A couple of years ago a Holy Saturday Reflection at Sandalstraps' Sanctuary expressed this theme well. Here's some of it:
"Holy Saturday, for me, crystalises this life, lived as it is somewhere between the fear of death and the hope of resurrection. The God who was near, is now far; the God who was alive is now dead and buried, and may never have been God at all. Easter is coming, but how would we know, how would we dare to hope? 
Holy Saturday is a day for doubt, for who, on it, could help but doubt, save those without enough faith to even bother to doubt? 
Doubt is not the absence of faith. Doubt is not the opposite of faith.

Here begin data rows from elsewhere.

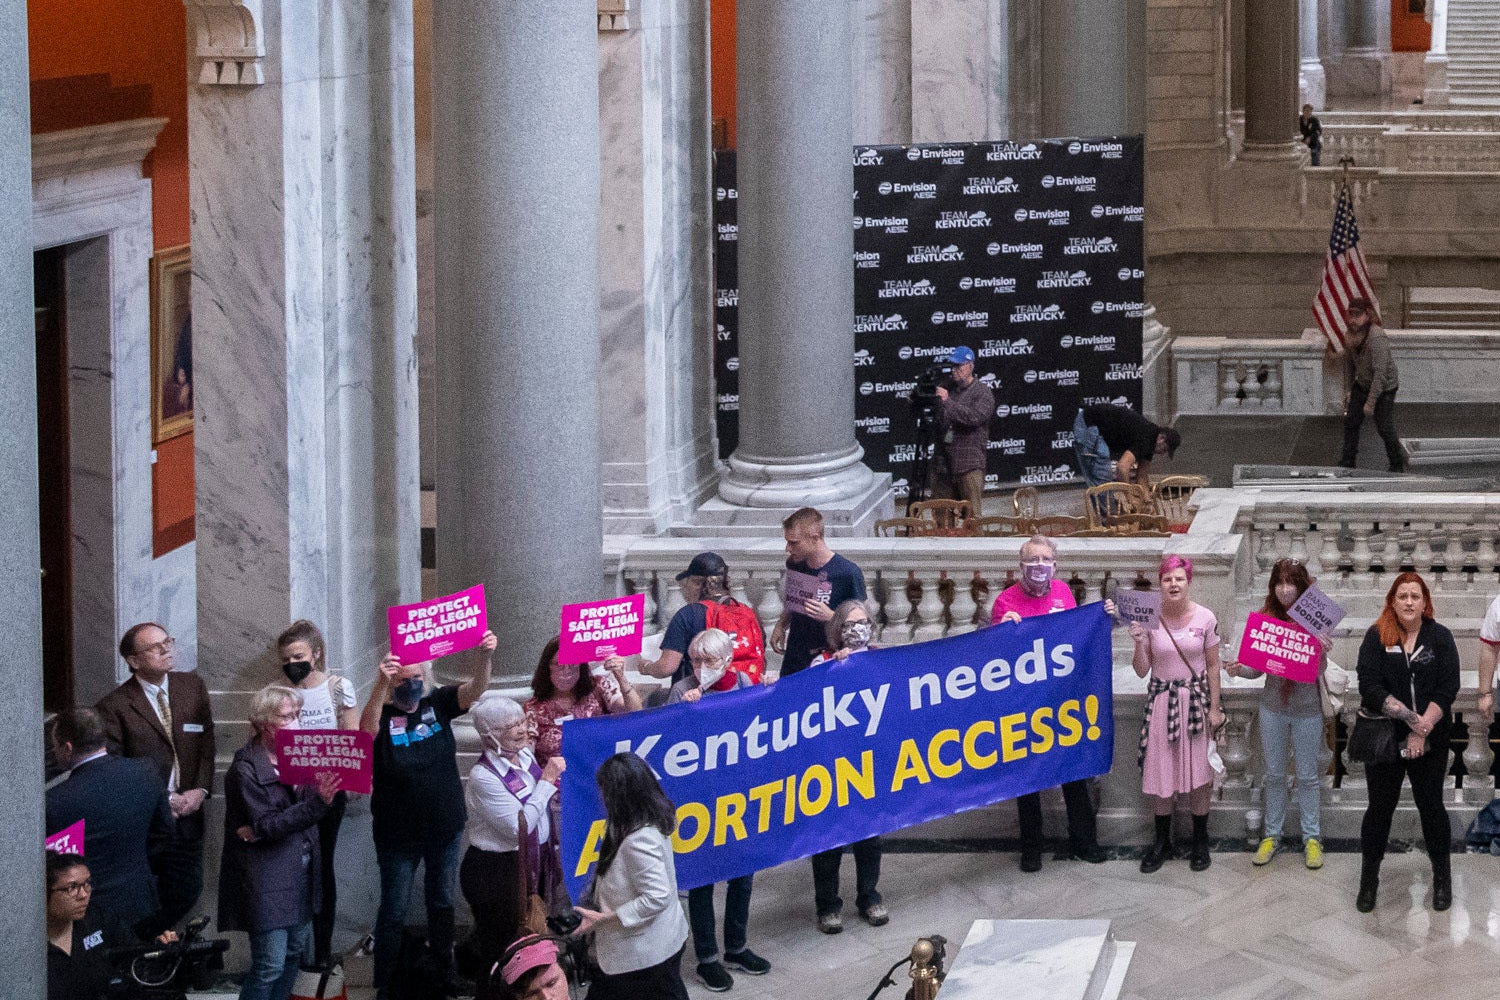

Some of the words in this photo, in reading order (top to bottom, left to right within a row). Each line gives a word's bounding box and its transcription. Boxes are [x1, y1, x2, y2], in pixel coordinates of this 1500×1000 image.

[992, 144, 1019, 153] TEAM
[1082, 142, 1123, 153] Envision
[921, 149, 965, 160] Envision
[987, 151, 1042, 161] KENTUCKY
[968, 177, 996, 186] TEAM
[1055, 176, 1097, 187] Envision
[894, 183, 937, 193] Envision
[963, 184, 1020, 195] KENTUCKY
[940, 211, 968, 220] TEAM
[1028, 209, 1070, 220] Envision
[1105, 205, 1145, 217] Envision
[865, 217, 909, 228] Envision
[935, 218, 992, 229] KENTUCKY
[1068, 237, 1096, 246] TEAM
[912, 245, 940, 254] TEAM
[1002, 243, 1043, 254] Envision
[1064, 244, 1118, 255] KENTUCKY
[907, 252, 965, 263] KENTUCKY
[1041, 271, 1069, 280] TEAM
[884, 280, 912, 289] TEAM
[974, 277, 1016, 288] Envision
[1037, 278, 1092, 288] KENTUCKY
[878, 286, 936, 297] KENTUCKY
[1014, 305, 1042, 314] TEAM
[855, 314, 883, 324] TEAM
[946, 311, 989, 322] Envision
[1010, 312, 1066, 322] KENTUCKY
[983, 339, 1011, 349] TEAM
[1074, 335, 1116, 346] Envision
[978, 346, 1034, 357] KENTUCKY
[1110, 364, 1137, 372] TEAM
[1038, 369, 1080, 380] Envision
[1083, 397, 1110, 406] TEAM
[1010, 404, 1052, 415] Envision
[1020, 473, 1075, 484] KENTUCKY
[1306, 592, 1328, 611] BANS
[408, 596, 470, 621] PROTECT
[580, 602, 633, 619] PROTECT
[1134, 606, 1153, 615] OUR
[397, 619, 437, 635] SAFE,
[439, 605, 481, 624] LEGAL
[568, 618, 607, 632] SAFE,
[608, 612, 639, 628] LEGAL
[1294, 605, 1323, 630] BODIES
[1315, 611, 1332, 627] OUR
[404, 617, 477, 646] ABORTION
[573, 624, 635, 643] ABORTION
[1261, 621, 1311, 643] PROTECT
[1250, 629, 1280, 647] SAFE,
[1282, 636, 1316, 655] LEGAL
[1250, 641, 1311, 664] ABORTION
[615, 683, 891, 780] Kentucky
[908, 638, 1075, 711] needs
[294, 735, 356, 746] PROTECT
[284, 746, 323, 757] SAFE,
[326, 748, 367, 760] LEGAL
[290, 758, 361, 770] ABORTION
[574, 750, 876, 877] AORTION
[890, 694, 1101, 793] ACCESS!

Doubt is wrestling with faith, like Jacob wrestling with the stranger, like Jesus forsaken and alone, like Mary and Martha, mourning instead of rejoicing, that the stone had been rolled away. 
But today the stone sits, both guarding and hiding the tomb of Jesus, eclipsing all hope, giving no reason for us to suspect it might move, save for by another cruel trick of a world that snuffed out the only hope we ever dared to have. Today we hide. Today we cower. Today we deny we ever had faith, ever had hope, ever had love. for today it seems better to have never been touched by the God who is dead than to have our God lay silent in a tomb, never having been God at all."
I think it is often those who have gone through such darkness and sorrow who most appreciate the light and joy to come in the morning. What do you think?

You can find other reflections for Holy Saturday here:

Emptiness and Sorrow

Easter Eve Meditation

Dead and Buried




Comments

  1. I agree, Nancy. Those who have lost can recognise loss more easily in others. thank you for this.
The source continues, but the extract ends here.